Today as our regular scheduled program we have an early-internet classic, Flesh and Blood from sound practices issue 8, written by Herb Reichert. This article is really a top–down tour of amplifier design, starting off with Herb’s reasons to build it himself and the importance of experience, experimentation and hard work as an intangible component of the final result. Next, there is an outline of Herb’s goals. Then he starts working from the speaker terminals toward the input: the speaker to design for; output transformer; output tube; its operating point. Then the selection of the input/driver stage and—twice as important (in column space)—the power supply design. Then maybe the most notorious part, Herb’s part selection. In the silence after that storm, there is the closing part with the encouragement to become a master yourself.
teaser quote: ‘From the letters and phone calls I receive, I know that many of you believe that if you can get a schematic for a great amp, then go out and buy what you think are some great parts, and put it all together carefully, then you will end up with a great amp. Sorry, it just doesn’t work that way. […] to get a GREAT amp you must suffer.’
my take
This is the article that, once found on the web in 1996, got me hooked on sound practices. I did end up building a copy of the Reichert 300B as my first single ended amp, and moved on from there.
I must have read this article a hundred times over the years. Before re-reading it for this week’s episode, I recalled it as being dominated by the part selection stuff and the ‘do not change any detail or it is not my design’ warnings. I was pleasantly surprised by the top down structure of the whole article, the way it tries to make clear that the order of importance is really the one listed in my overview above: first and foremost your own reason for building it yourself, ending up with the details of the part selection.

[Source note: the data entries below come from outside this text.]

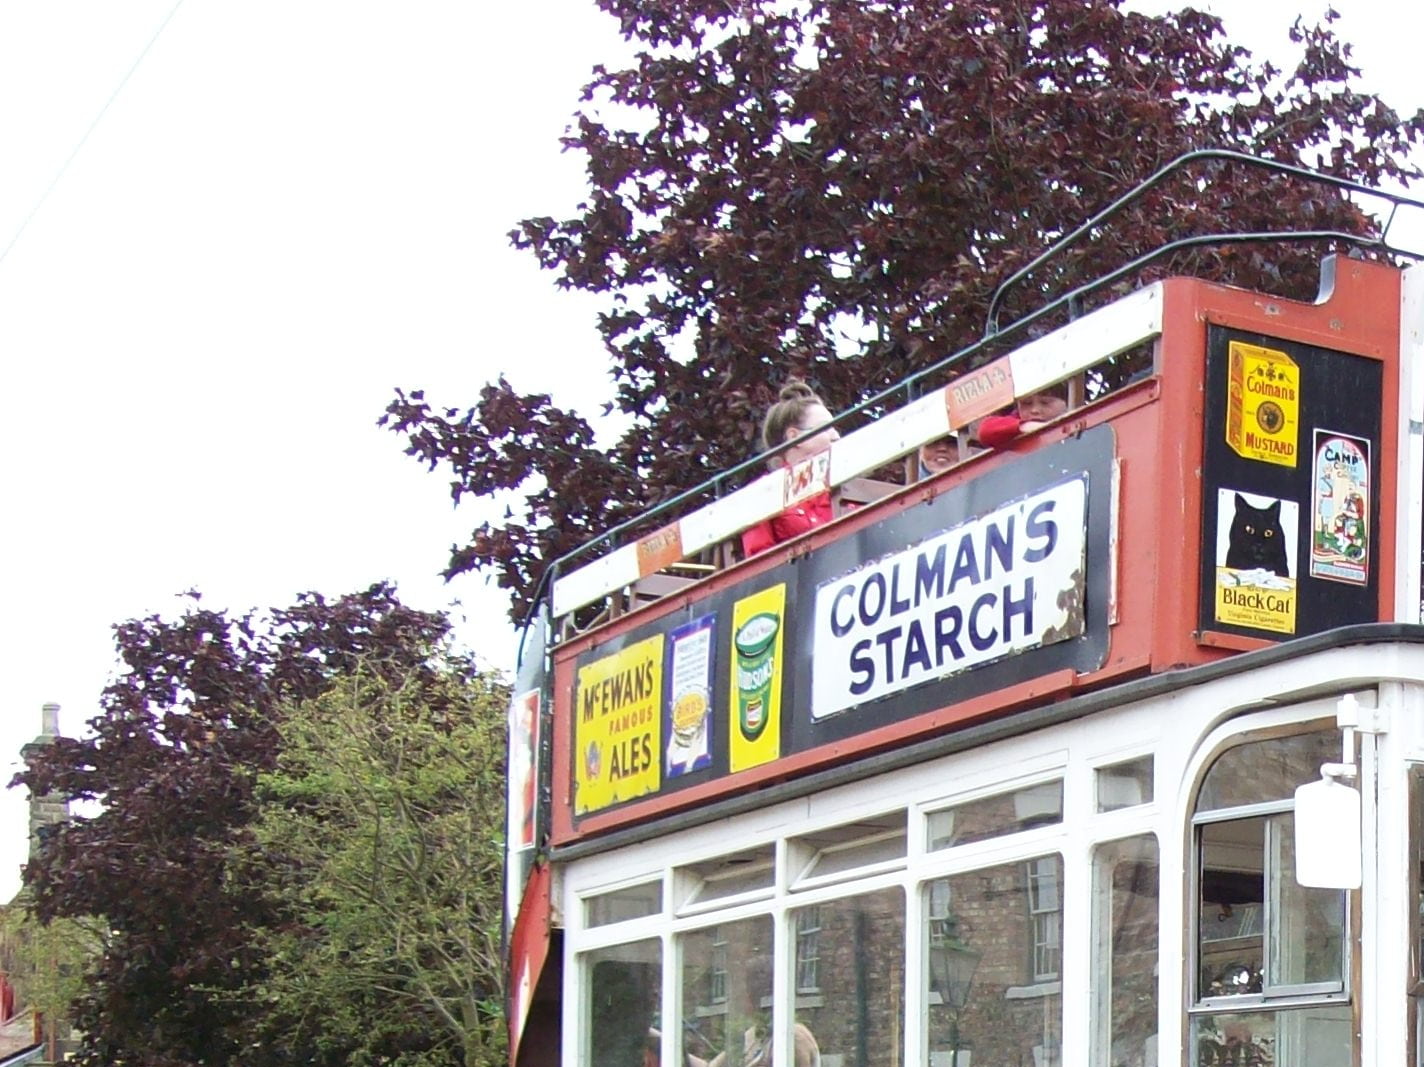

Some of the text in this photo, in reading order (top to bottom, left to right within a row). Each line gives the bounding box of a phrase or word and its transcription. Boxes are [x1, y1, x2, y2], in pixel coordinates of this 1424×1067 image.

[1245, 431, 1295, 456] MUSTARD
[1324, 446, 1359, 465] CAMP
[830, 499, 1059, 639] COLMAN'S
[1223, 587, 1264, 610] Black
[1266, 594, 1293, 614] Cat
[848, 576, 1034, 696] STARCH
[609, 705, 653, 736] FAMOUS
[609, 732, 652, 783] ALES

With this strict order of importance, it is easy to overlook a theme in the middle section: that the (usually given) speaker + output transformer + output tube + its operating point + the power supply + (the output tube’s biassing + its grid circuit, if I may add so) has to be designed as one single entity. There is no such thing as plug-and-play of these seven ‘components.’ Changing one of them for experimentation’s sake is necessary to gather experience, but if you want to take your amp beyond Frankenstein then you have to sit down with a piece of paper and design the whole entity.
Now about the ‘no changes’ dogma. I can understand that when Herb publishes a how-to-build of what was essentially his commercial product at the time, he would like to be judged on his design, in which he has put all his ‘suffering.’ Not on a knock-off where the builder has got creative with topology, values (‘I had this 3K output transformer on the shelf’) or parts selection. To hear what he believed in you have to build exactly what he was listening to.

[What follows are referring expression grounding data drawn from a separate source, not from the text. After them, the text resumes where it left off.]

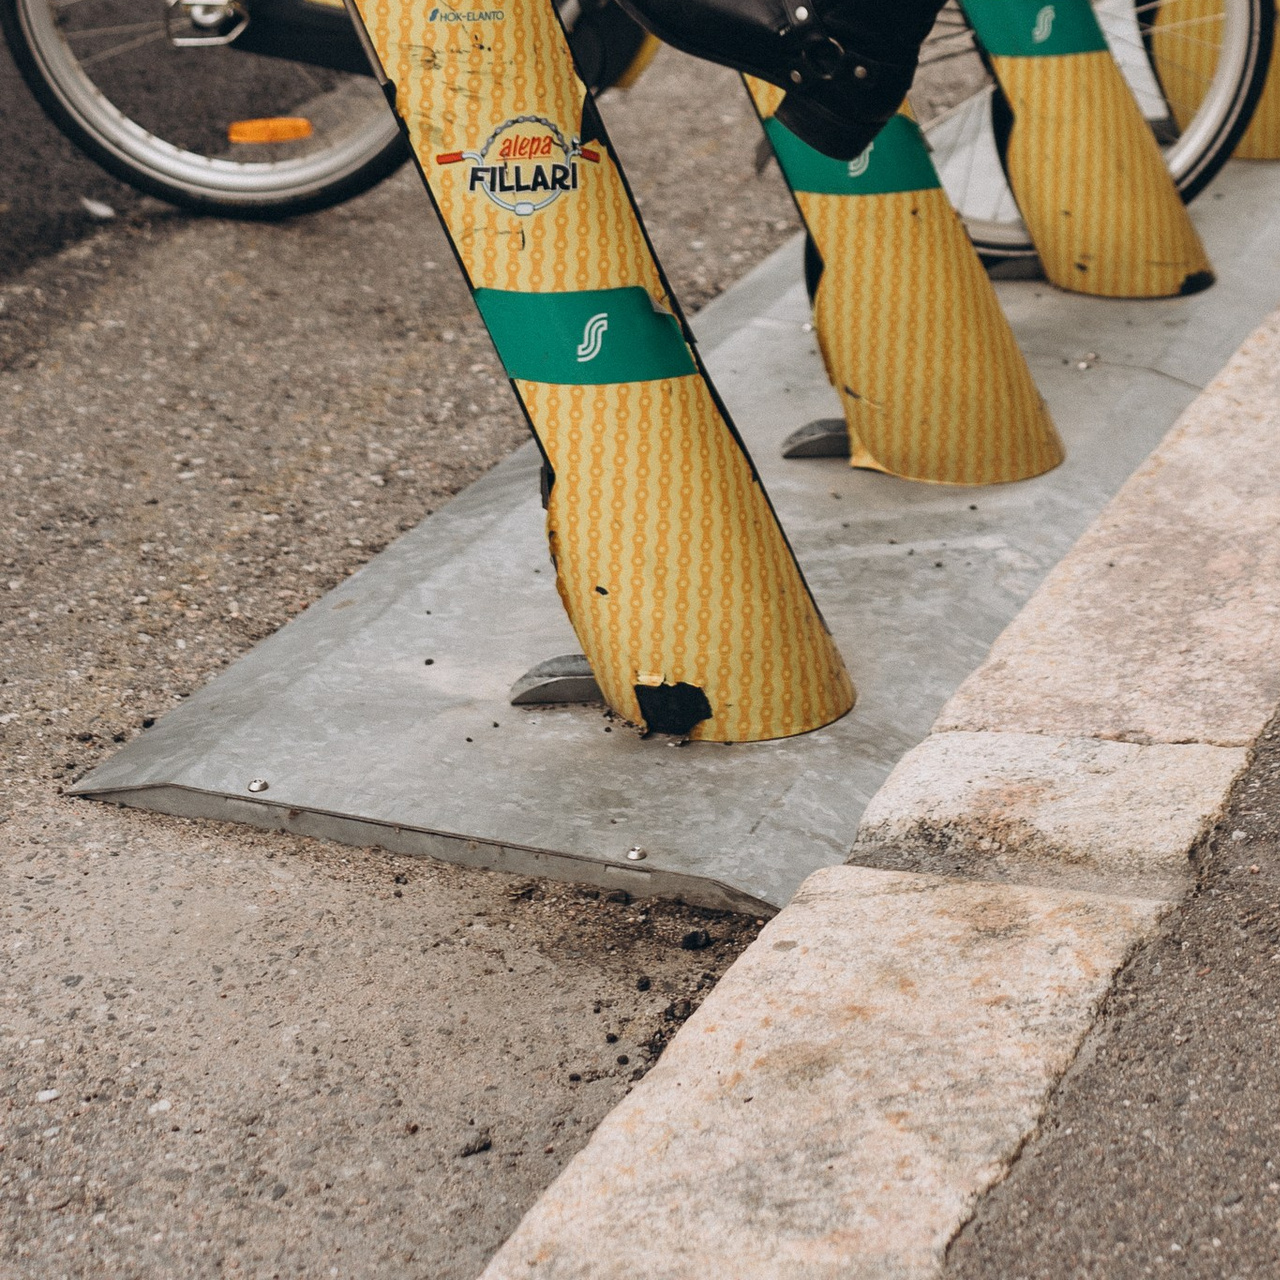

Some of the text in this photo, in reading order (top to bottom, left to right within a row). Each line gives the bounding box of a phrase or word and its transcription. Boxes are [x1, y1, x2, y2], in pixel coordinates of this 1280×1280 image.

[440, 10, 504, 22] HOK-ELANTO
[499, 134, 553, 159] alepa
[469, 162, 578, 192] FILLARI
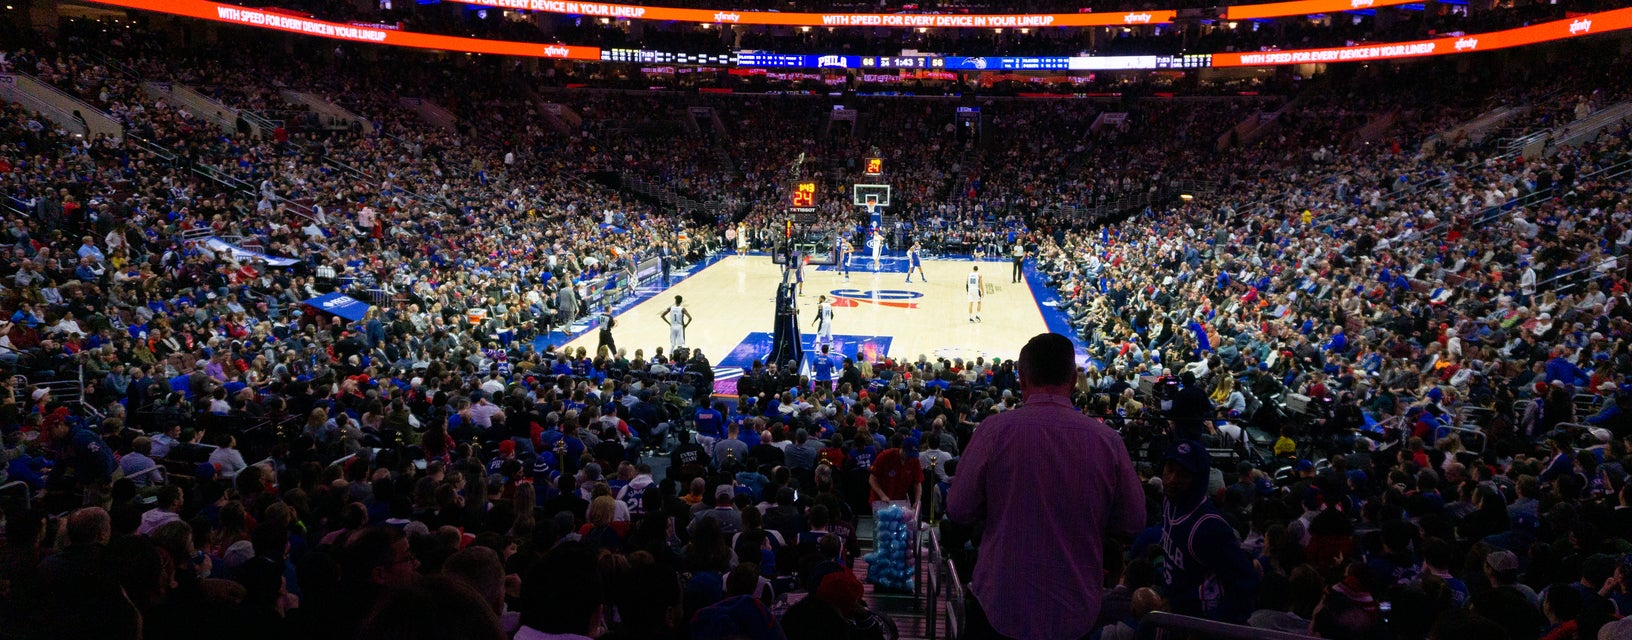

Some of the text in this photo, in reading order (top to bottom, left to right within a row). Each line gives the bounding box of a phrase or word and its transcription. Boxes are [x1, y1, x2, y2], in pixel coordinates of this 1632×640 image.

[528, 0, 559, 12] DEVICE
[562, 3, 573, 13] IN
[580, 4, 607, 15] YOUR
[609, 6, 645, 17] LINEUP
[714, 11, 740, 22] xfinity
[822, 15, 1054, 26] WITH SPEED FOR EVERY DEVICE IN YOUR LINEUP
[1124, 12, 1152, 24] xfinity
[217, 6, 387, 41] WITH SPEED FOR EVERY DEVICE IN YOUR LINEUP
[1569, 19, 1592, 34] xfinity
[1454, 37, 1478, 50] xfinity
[544, 45, 569, 57] xfinity
[1240, 43, 1435, 64] WITH SPEED FOR EVERY DEVICE IN YOUR LINEUP
[817, 55, 848, 68] PHILA
[863, 58, 874, 66] 66
[894, 58, 914, 67] 1:43
[867, 163, 880, 173] 24
[793, 191, 813, 206] 24
[680, 450, 698, 459] EVENT

The other side of this medal is that with an innocent looking change to the schematic, you are now on your own. And Herb is happy to hand you the steering wheel from there on. Now you can do your own ‘suffering’ for your own benefit.

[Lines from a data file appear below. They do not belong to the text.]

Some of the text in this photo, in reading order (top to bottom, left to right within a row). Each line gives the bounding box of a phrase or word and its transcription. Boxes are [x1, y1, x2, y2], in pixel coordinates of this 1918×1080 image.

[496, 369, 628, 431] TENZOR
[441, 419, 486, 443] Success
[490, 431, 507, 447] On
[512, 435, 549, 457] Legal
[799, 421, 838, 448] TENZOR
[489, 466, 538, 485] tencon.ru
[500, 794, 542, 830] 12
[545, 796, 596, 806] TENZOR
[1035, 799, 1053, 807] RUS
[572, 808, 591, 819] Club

I used to be pretty proud of how far I went to build ‘his amp’: the exact output transformer; exactly the right tubes, including vintage 300Bs; one-kiloWatt power transformers; 3 Henry, 4 Ohm DCR chokes (OK, 15 Ohm would have been super too); all black gates and jensen caps; all the right component values everywhere. But any time I have told somebody that I built a Reichert 300B they automagically asked about a detail where I had been ‘creative’ myself: kiwame instead of tantalum resistors; no silver wiring; AC on all heaters and filaments; no copper chassis—no chassis at all, really. I guess I never heard what he did and was holding the steering wheel a little sooner than I had planned.
practical note: yes, it says 12K for the plate resistor of the driver 6SN7 in the text and 13k5 in the schematic. As somebody pointed out to me back in those days: both were used by Herb and will work.
bonus tracks
Just for fun, there is on page 28 + 29 of the same issue some pics + info of some inspiring amp projects. And on page 56, next to the masthead, there is an in hindsight amusing advertisement from 1965 lauding those newfangled transistors, which were superseding the those evil tubes and transformers. (update: not on the SP cd, so I scanned it.)
ps: there is quite a bit of extra dope on the F+B amp, between the lines, in Casual Reactions in issue 6.
ps: there is quite a bit of extra dope on the F+B amp, between the lines, in Casual Reactions in issue 6.
Now go and read the article, see you next week.
I think the point about designing backwards is a nice approach as well. It reflects the way I develop work-flows and timelines for projects in my professional life i.e. make the schedule working back from the deliverable date(s) and/or milestones. Although it is a common technique (AFAIK) it is liberating. Now, where to get affordable output xfrmrs???
ReplyDeletekvl: ha! welcome to the biggest challenge in tube audio: the iron. Finding affordable, good iron and getting it shipped to your doorstep in an affordable way. This makes it partly a ‘local’ game, avoiding customs and surface shipping across oceans helps in money and time terms.
ReplyDeleteKnowing you are in the Schengen area, I would (off the top of my head) look at the following non-boutique brands: lundahl, ae-europe, reinhöfer, a local friend got some stuff from poland: ogonowski.
The good news: iron lasts a lifetime (as Steve Berger told me personally, while I was carrying the MV45), unlike tubes, caps, even resistors.